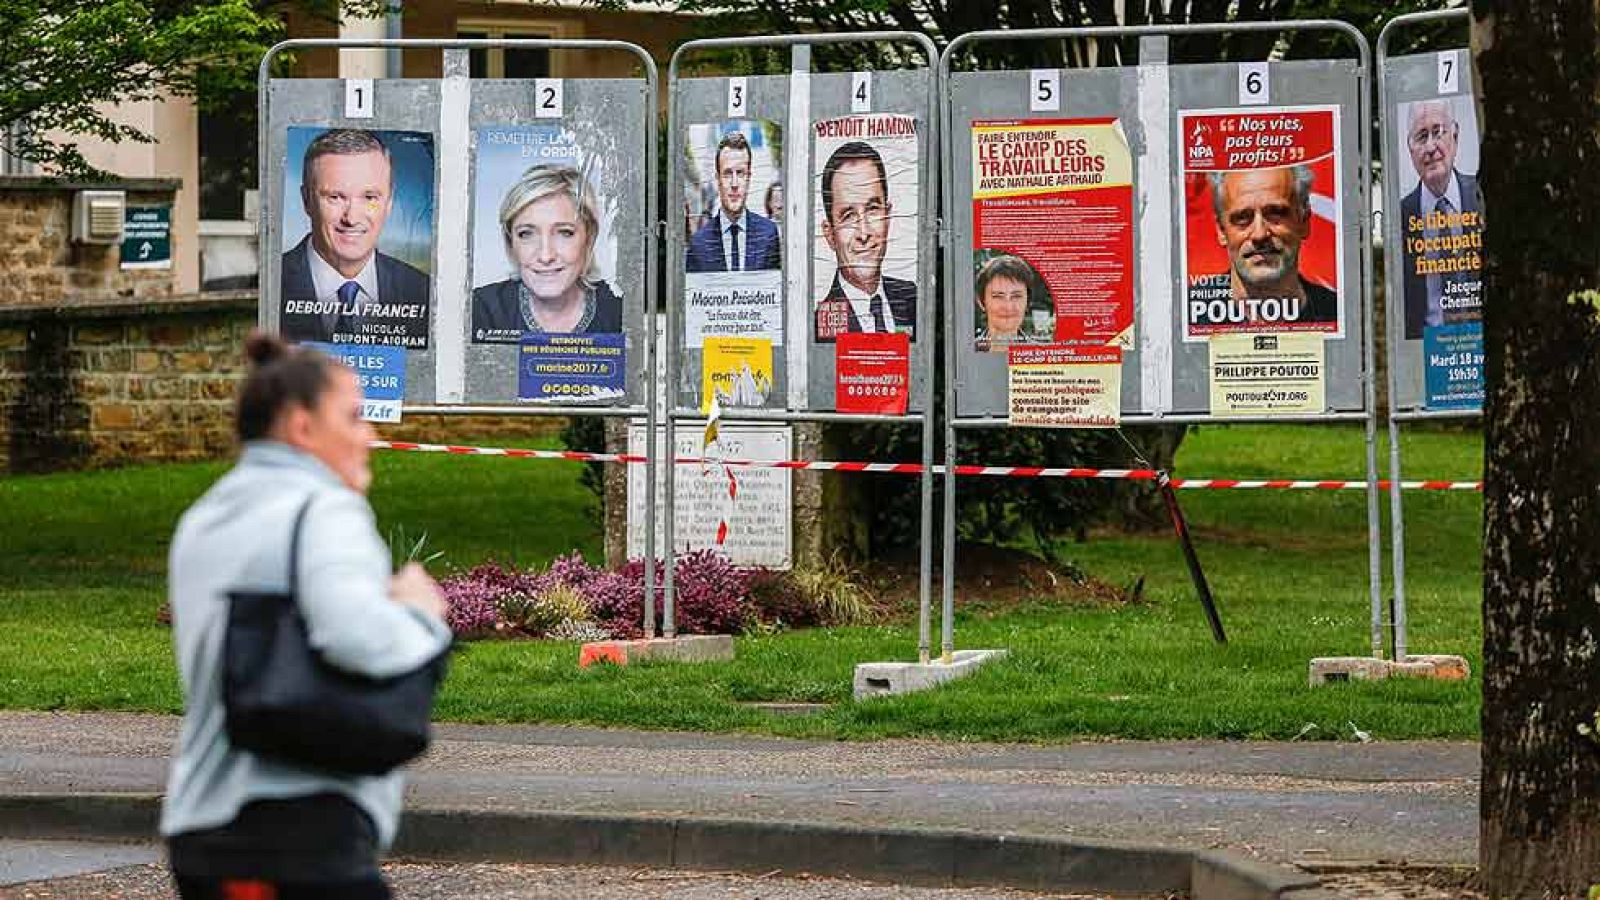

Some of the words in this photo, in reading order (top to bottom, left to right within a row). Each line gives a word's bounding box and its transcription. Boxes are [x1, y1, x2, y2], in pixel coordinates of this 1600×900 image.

[1443, 61, 1453, 83] 7
[1038, 79, 1052, 101] 5
[1246, 71, 1262, 94] 6
[354, 87, 363, 109] 1
[542, 87, 556, 109] 2
[732, 86, 742, 108] 3
[855, 79, 867, 103] 4
[1239, 117, 1266, 131] Nos
[1270, 115, 1303, 131] vies,
[978, 132, 1005, 143] FAIRE
[1007, 131, 1057, 142] ENTENDRE
[1225, 135, 1253, 152] pas
[1256, 132, 1293, 146] leurs
[978, 144, 998, 160] LE
[1002, 141, 1049, 159] CAMP
[1055, 139, 1087, 156] DES
[1189, 147, 1214, 158] NPA
[979, 155, 1105, 177] TRAVAILLEURS
[980, 177, 1007, 189] AVEC
[1007, 175, 1054, 188] NATHALIE
[1056, 173, 1103, 187] ARTHAUD
[1409, 215, 1424, 232] Se
[1189, 274, 1231, 288] VOTEZ
[691, 291, 729, 306] Macron
[1189, 288, 1234, 300] PHILIPPE
[285, 299, 342, 315] DEBOUT
[342, 303, 360, 316] LA
[1190, 298, 1299, 324] POUTOU
[362, 324, 406, 335] NICOLAS
[333, 332, 426, 347] DUPONT-AIGNAN
[358, 355, 385, 369] LES
[1459, 352, 1472, 365] 18
[536, 363, 609, 375] marine2017.fr
[1215, 366, 1266, 378] PHILIPPE
[1270, 364, 1319, 377] POUTOU
[371, 376, 398, 388] SUR
[1072, 396, 1090, 405] site
[1026, 406, 1077, 415] campagne
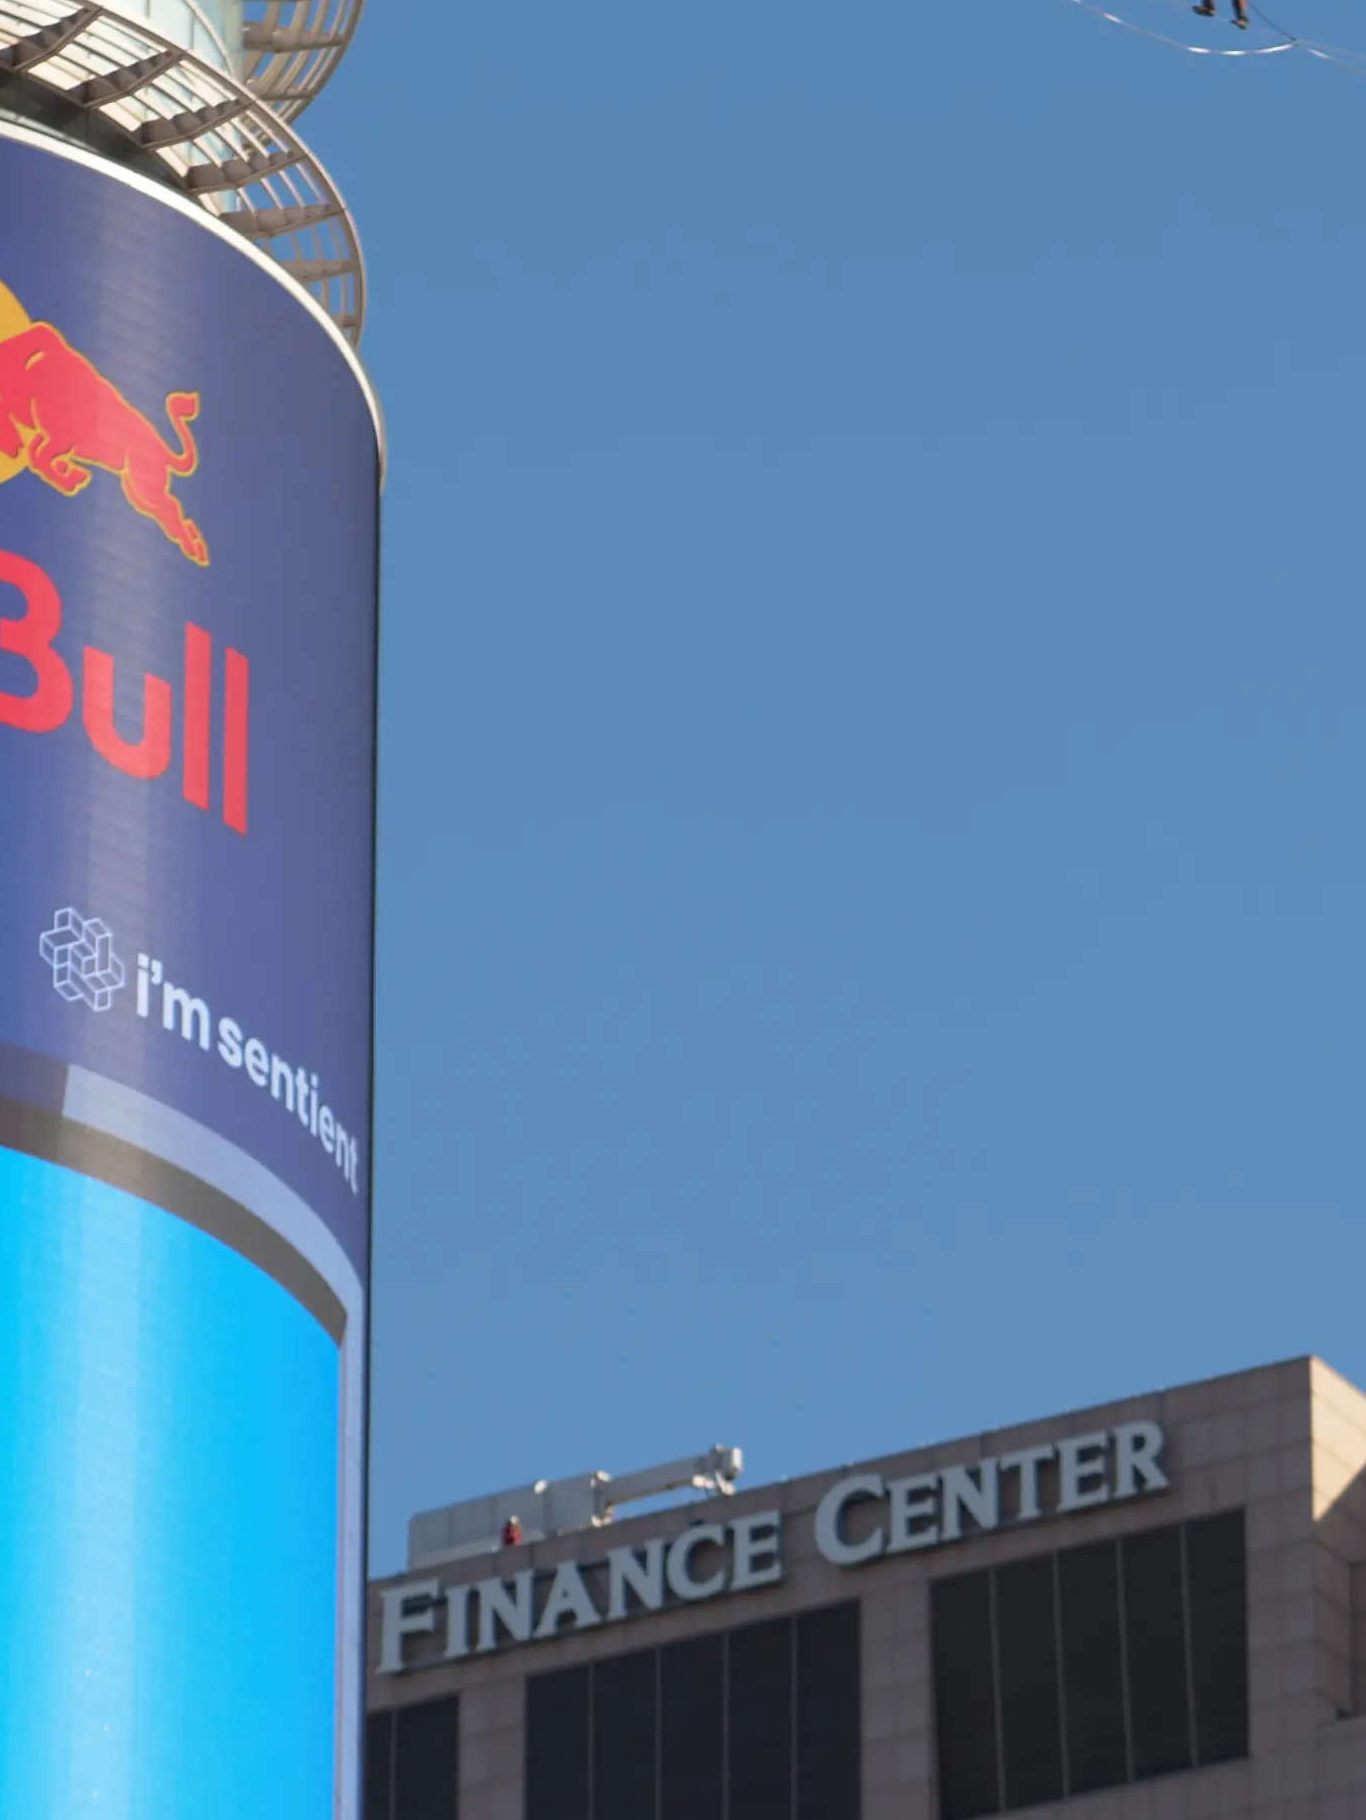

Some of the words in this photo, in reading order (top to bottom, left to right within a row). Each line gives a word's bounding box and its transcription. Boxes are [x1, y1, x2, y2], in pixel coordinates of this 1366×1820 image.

[136, 951, 211, 1052] i'm
[217, 1016, 360, 1198] sentient
[373, 1508, 784, 1675] FINANCE
[813, 1419, 1171, 1567] CENTER

■ ■ ■ ■ ■

[Problem to work on] Only the lines from the one containing "this 1366×1820 image." through the final line of the records above should be printed, exactly as they stand.

[Written solution]
Some of the words in this photo, in reading order (top to bottom, left to right within a row). Each line gives a word's bounding box and its transcription. Boxes are [x1, y1, x2, y2], in pixel coordinates of this 1366×1820 image.

[136, 951, 211, 1052] i'm
[217, 1016, 360, 1198] sentient
[373, 1508, 784, 1675] FINANCE
[813, 1419, 1171, 1567] CENTER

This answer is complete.